- Born: 24 April 1930 Santiago, Chile
- Occupation: Geneticist
- Awards: Guggenheim Fellowship (1970)

Academic background
- Alma mater: University of Chile

Academic work
- Discipline: Genetics
- Sub-discipline: Drosophila
- Institutions: University of Chile

= Susi Koref-Santibañez =

Chilean geneticist (born 1930)

Susi Koref-Santibañez (born 24 April 1930) is a Chilean geneticist. She is a 1970 Guggenheim Fellow and has worked at the University of Chile in research and teaching positions.

==Life and career==
Susi Koref-Santibañez born on 24 April 1930 in Santiago, Chile. She was educated at the University of Chile Faculty of Medicine, where she obtained an MD in 1954.
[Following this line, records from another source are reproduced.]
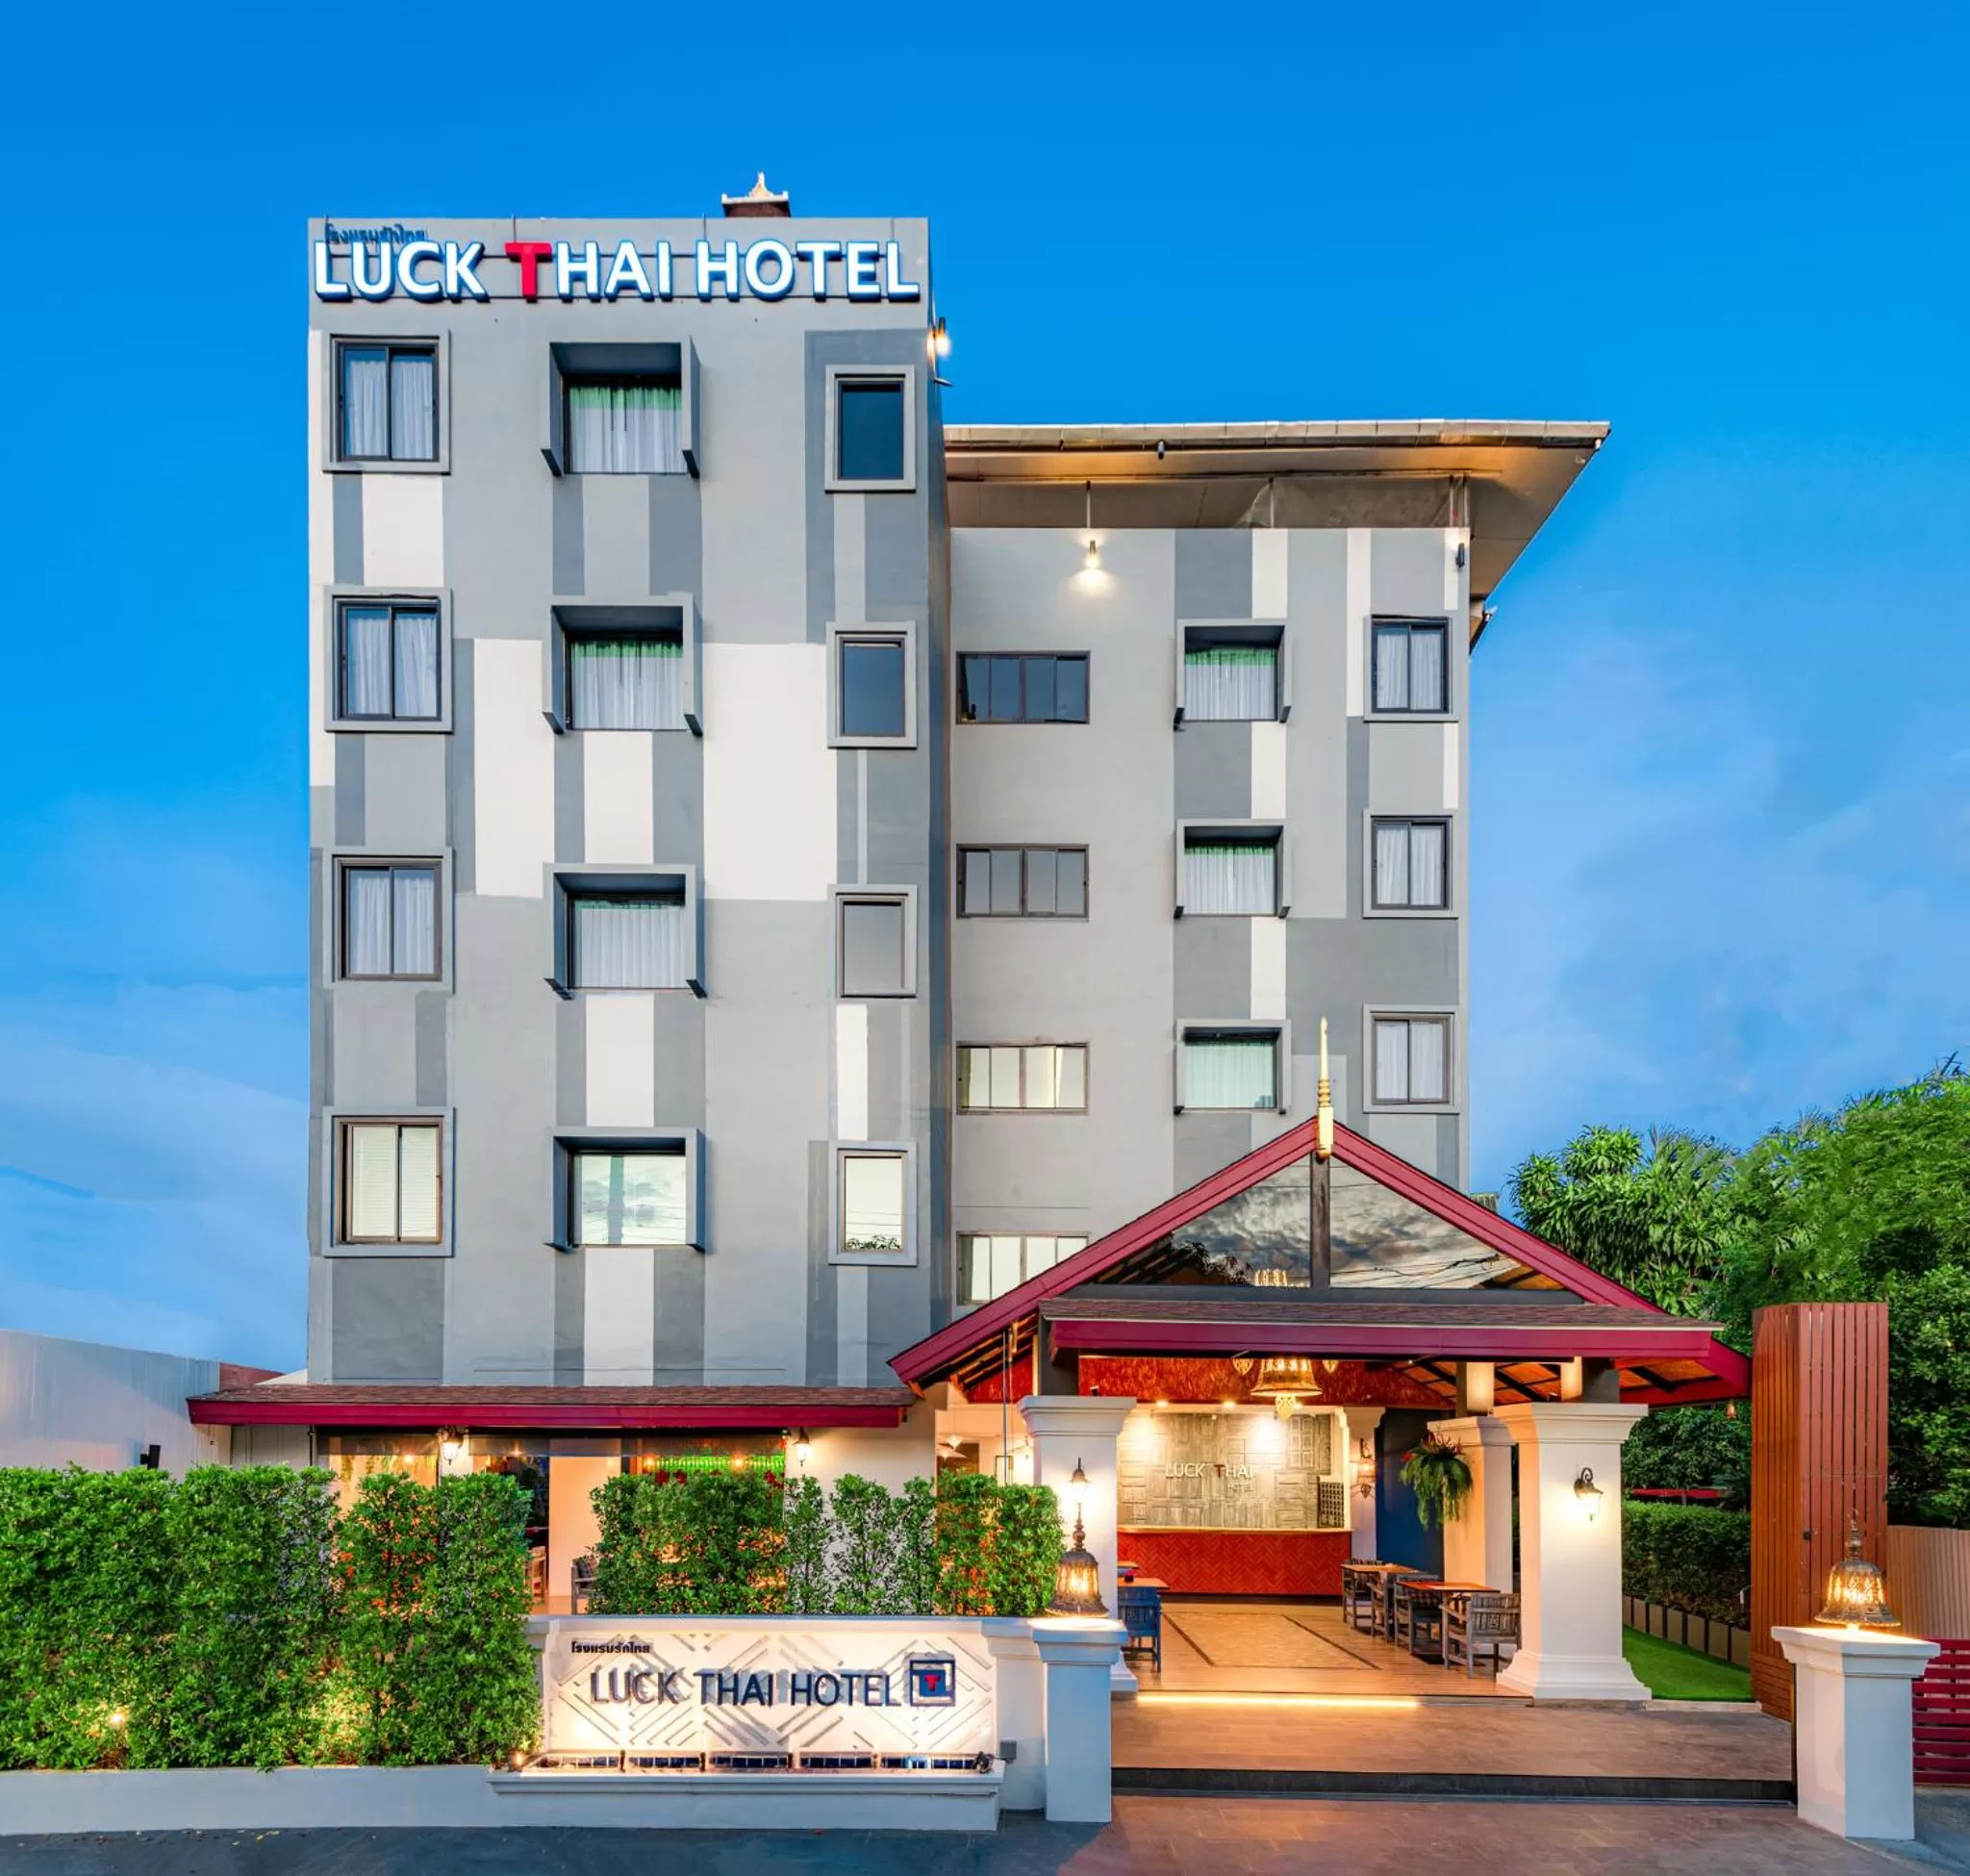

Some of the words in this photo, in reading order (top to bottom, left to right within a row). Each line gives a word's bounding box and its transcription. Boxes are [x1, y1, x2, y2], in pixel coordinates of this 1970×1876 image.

[314, 240, 489, 303] LUCK
[505, 241, 670, 303] THAI
[695, 241, 921, 303] HOTEL
[1165, 1463, 1205, 1479] LUCK
[1213, 1463, 1254, 1479] THAI
[590, 1671, 677, 1706] LUCK
[694, 1671, 773, 1707] THAI
[790, 1672, 901, 1707] HOTEL
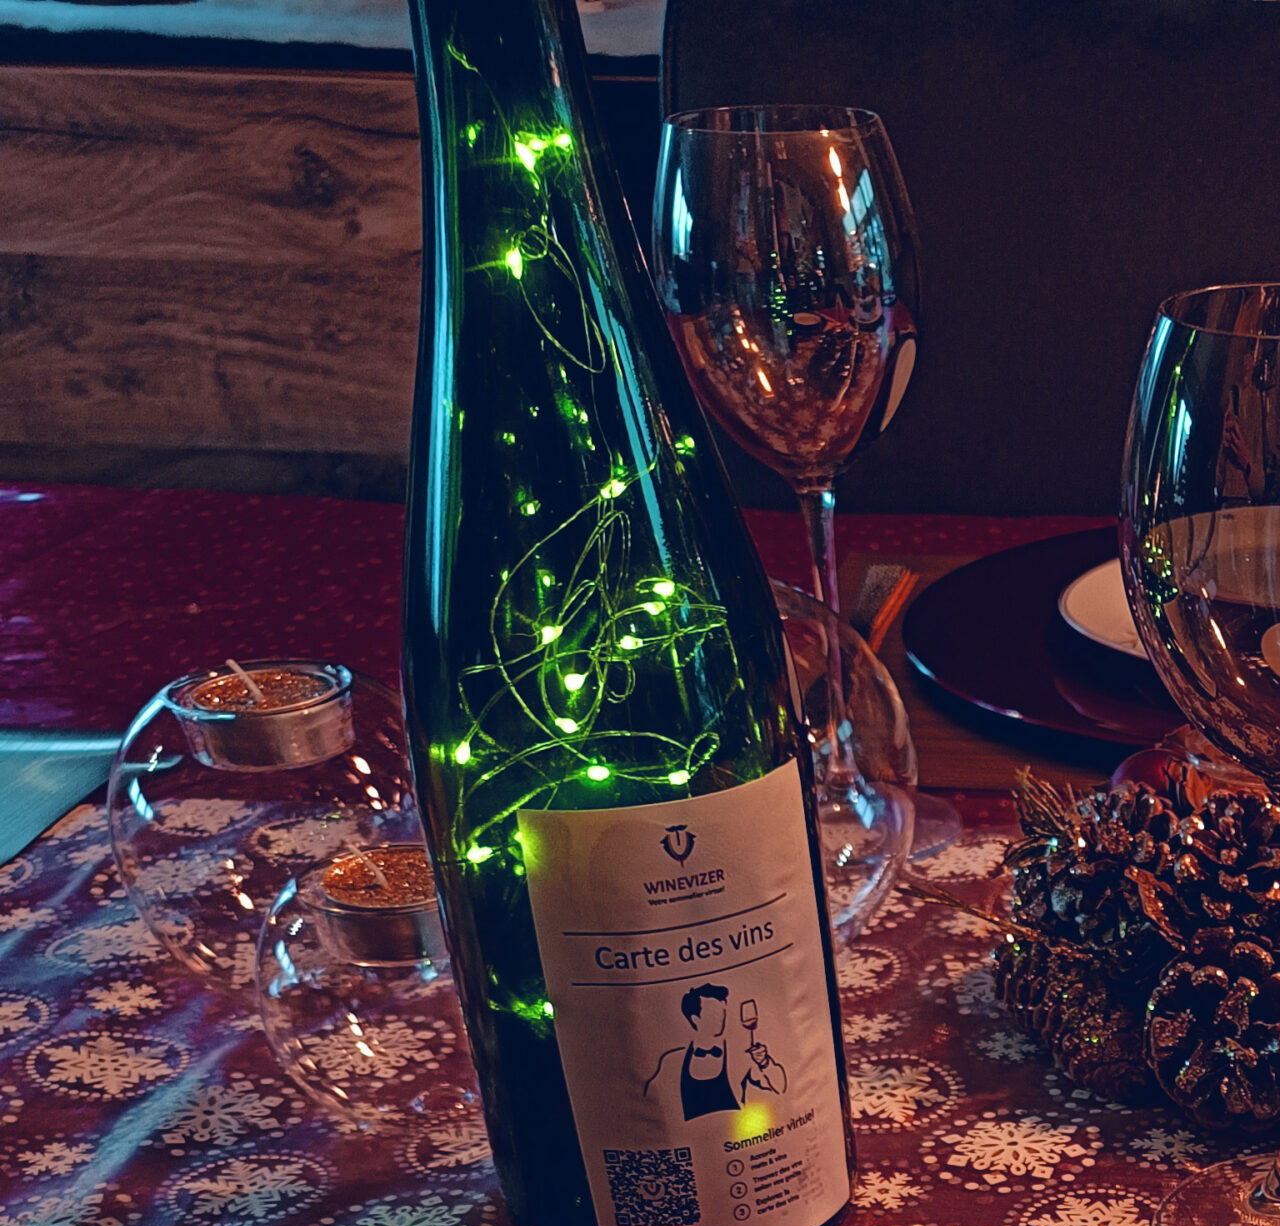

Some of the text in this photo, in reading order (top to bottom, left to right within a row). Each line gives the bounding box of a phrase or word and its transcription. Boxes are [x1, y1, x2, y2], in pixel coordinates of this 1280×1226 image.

[643, 868, 725, 895] WINEVIZER
[594, 921, 774, 970] Carte des vins
[724, 1107, 815, 1152] Sommelier virtuel
Having become an assistant in biology at the University of Chile Faculty of Medicine in 1950, she remained in the position after obtaining her MD. She was promoted to research associate in 1966. She also became an associate professor in 1964. She later served as the subrogate director of the university's Department of Genetics and Biology from 1969 to 1970. She earned several grants for her academic research, including from the British Council (1957), the University of Chile (1958–1959); the International Atomic Energy Agency (1966), and the government of Italy (1967).

She was a recurring participant of the International Congress of Genetics, contributing to the Proceedings of the X, XI, and XII congresses of 1958, 1963, and 1968. In 1970, she was awarded a Guggenheim Fellowship "for a study of behavior and population genetics of Drosophila". She revised Akademische Verlagsgesellschaft's 1990 edition of Jean-Baptiste Lamarck's Philosophie zoologique.

In her book Mujeres chilenas, Sonia Montecino cited her as a pioneer in Chile women scientists. In 1993, William R. Rice and Ellen E. Hostert cited her and C. H. Waddington's 1958 article on an experiment of inbreeding of Drosophila melanogaster as an example of sampling drift.